Figure 1. Construction of the MIG-seq library.

(a) Multiple non-repetitive regions from various inter-simple sequence repeats (ISSRs) are amplified from genomic DNA by multiplexed PCR with tailed ISSR primers (1st PCR). (b) The 1st PCR products are subsequently used as the templates for the 2nd PCR (tailed PCR). This step enables the addition of complementary sequences for the binding sites of Illumina sequencing flow cell and indices (barcodes) for each sample to the 1st PCR products, using common forward and indexed reverse primers. (c) After measuring the approximate concentration of each 2nd PCR product, they are pooled in equimolar concentrations as a single mixture library. The mixture is then purified, fragments with a size range of 300–800 bp are isolated, the final concentration is measured by quantitative PCR, and is then used for Illumina paired-end sequencing (reads 1 and 2) and index reading.
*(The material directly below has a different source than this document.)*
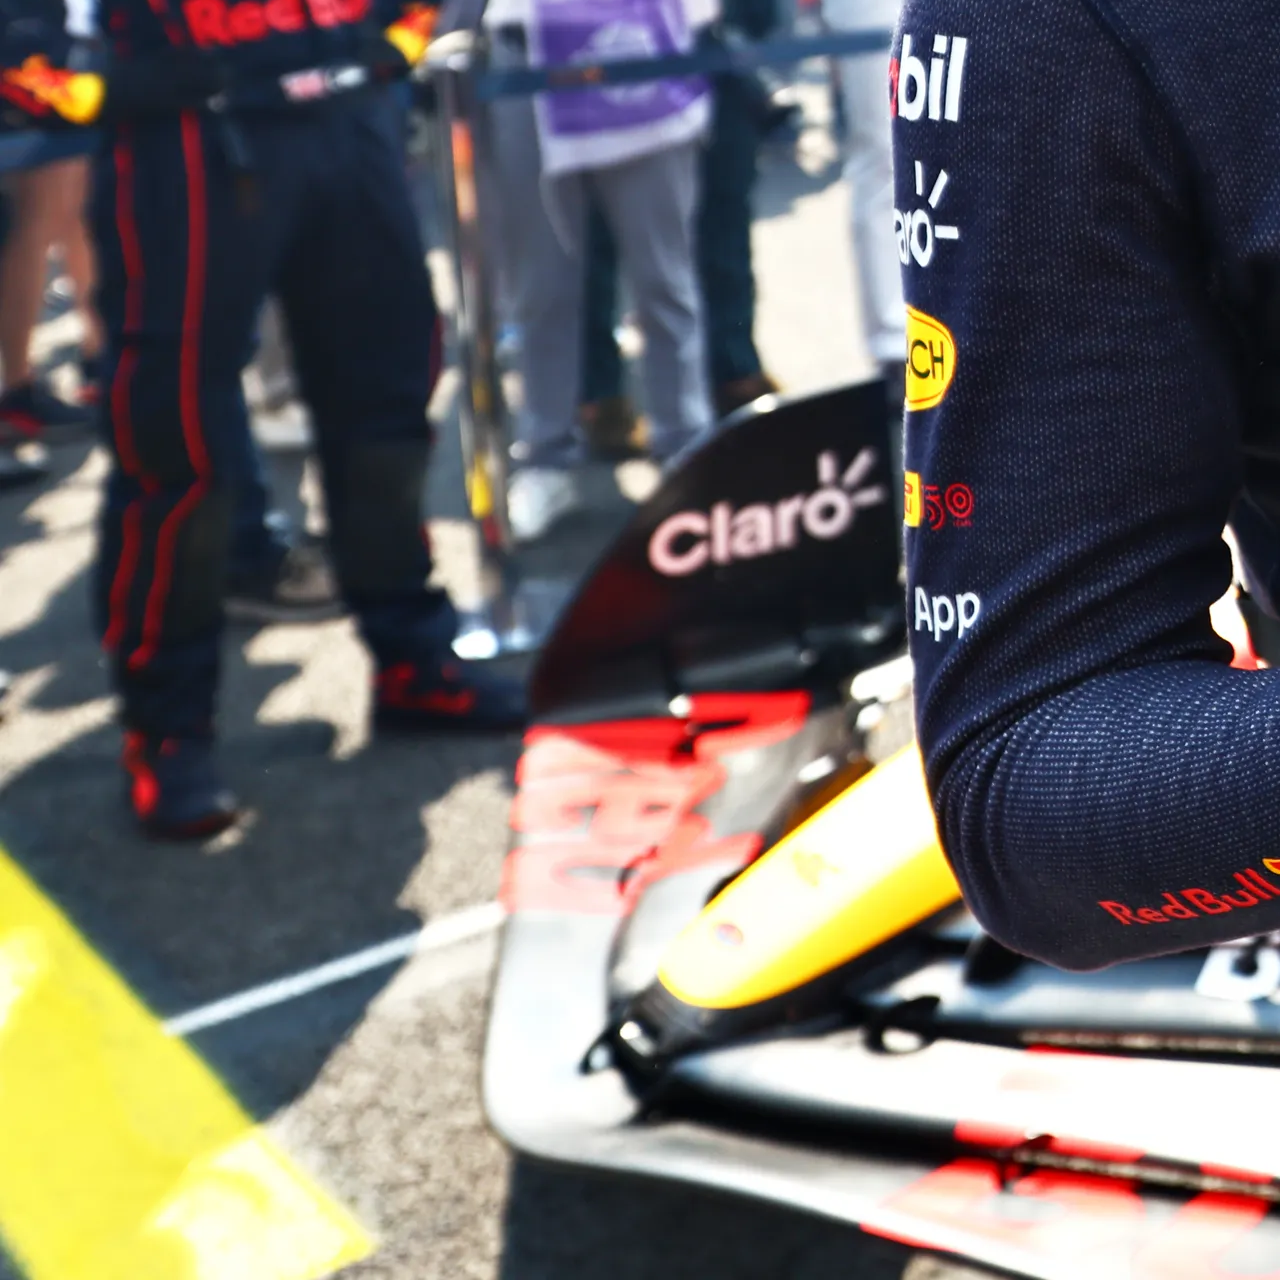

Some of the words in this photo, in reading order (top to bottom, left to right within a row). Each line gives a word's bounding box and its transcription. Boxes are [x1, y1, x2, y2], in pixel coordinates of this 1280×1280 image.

[906, 338, 945, 380] CH
[647, 486, 853, 577] Claro
[914, 585, 981, 642] App
Sequencing of the first 17 nucleotides (primer region) of read 1, and 3 nucleotides (anchor region) of read 2 are skipped using the ‘DarkCycle’ option of the sequencer (indicated as the gray region in the arrows). (d) The sequence of the resulting library consists of binding sites for the P5 flow cell oligonucleotides and read 1 sequencing primer, forward ISSR primer, DNA insert, reverse ISSR primer, binding sites for read 2 and index sequencing primers, and P7 flow cell oligonucleotides.